**What to do**
Pictures do not belong in the copy; restate the records below word for word.
[Opening Recorded data section]
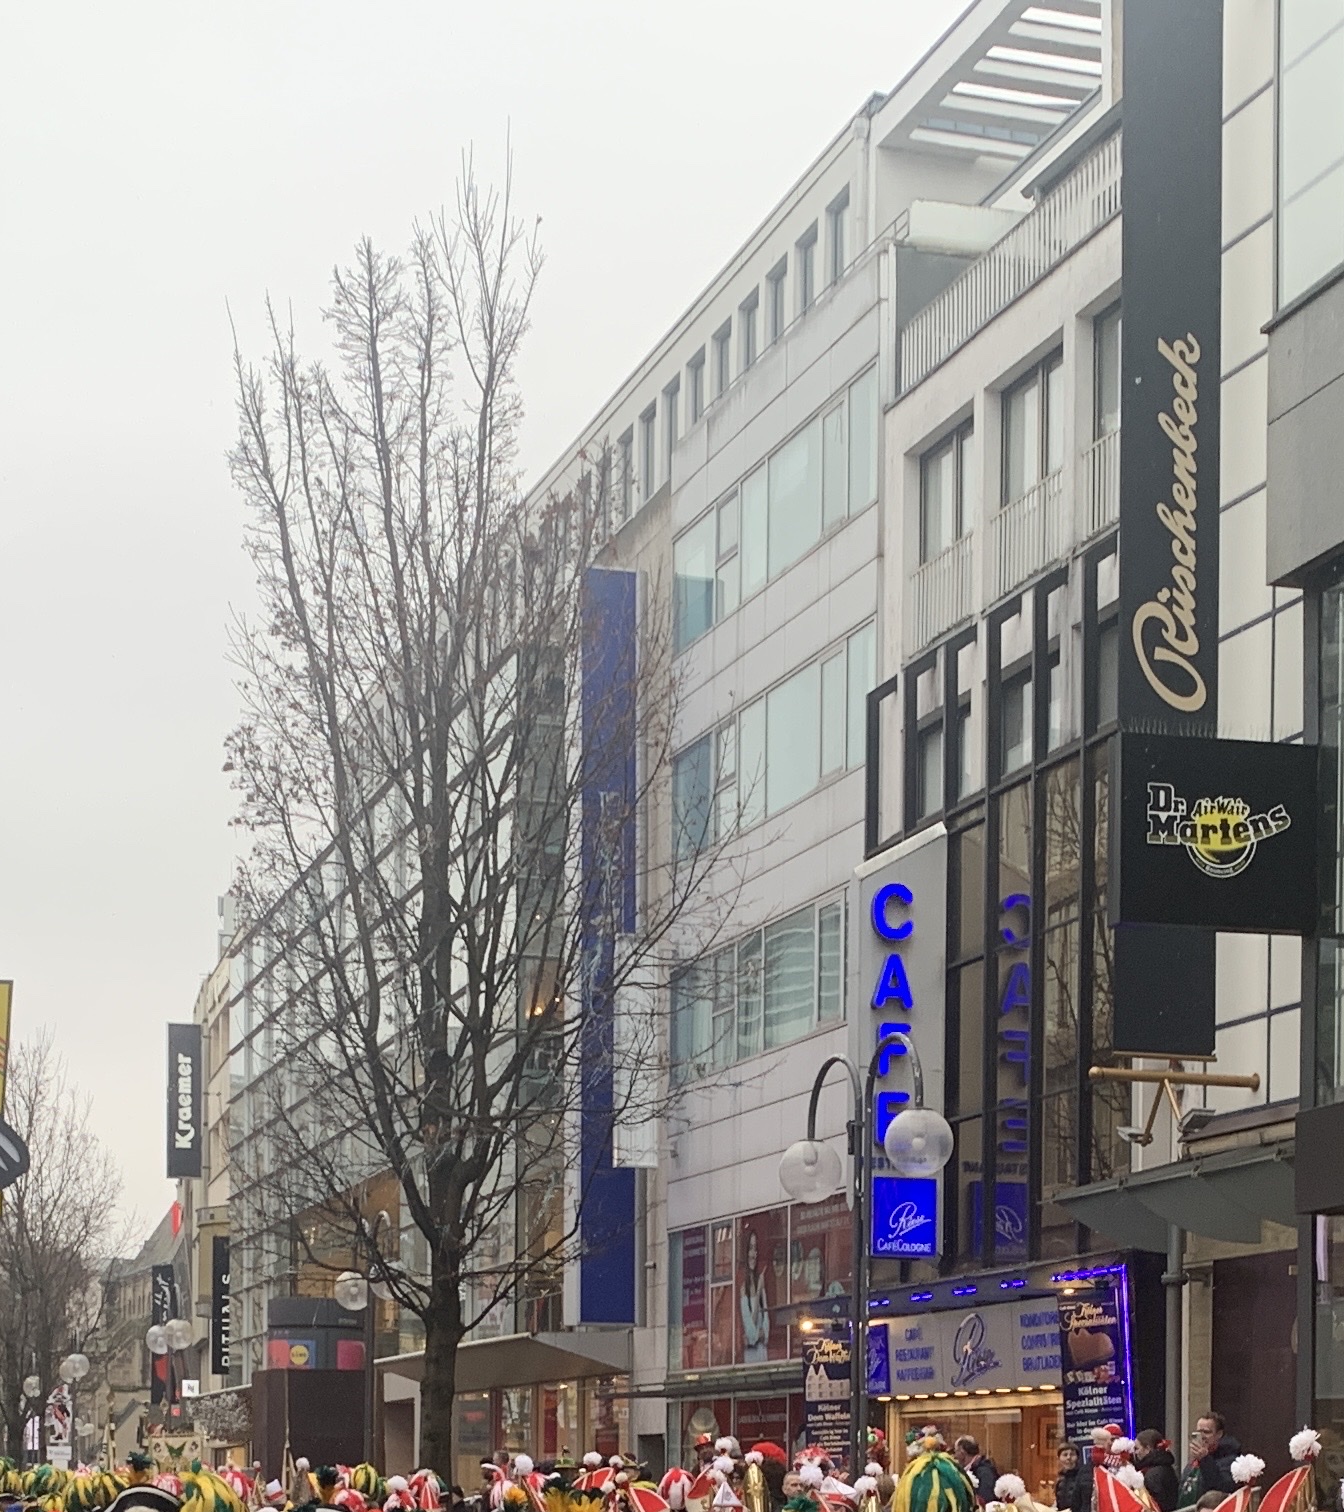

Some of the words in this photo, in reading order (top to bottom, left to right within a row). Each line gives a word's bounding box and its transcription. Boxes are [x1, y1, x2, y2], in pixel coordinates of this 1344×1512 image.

[1132, 332, 1207, 712] Rüschenbeck
[1147, 782, 1187, 816] Dr.
[1191, 796, 1250, 820] AirWair
[1147, 803, 1292, 846] Martens
[175, 1052, 193, 1150] Kraemer
[1065, 1396, 1122, 1410] Spezialitäten
[1078, 1385, 1109, 1397] Kölner
[Closing Recorded data section]
**Result for this task**
Some of the words in this photo, in reading order (top to bottom, left to right within a row). Each line gives a word's bounding box and its transcription. Boxes are [x1, y1, x2, y2], in pixel coordinates of this 1344×1512 image.

[1132, 332, 1207, 712] Rüschenbeck
[1147, 782, 1187, 816] Dr.
[1191, 796, 1250, 820] AirWair
[1147, 803, 1292, 846] Martens
[175, 1052, 193, 1150] Kraemer
[1065, 1396, 1122, 1410] Spezialitäten
[1078, 1385, 1109, 1397] Kölner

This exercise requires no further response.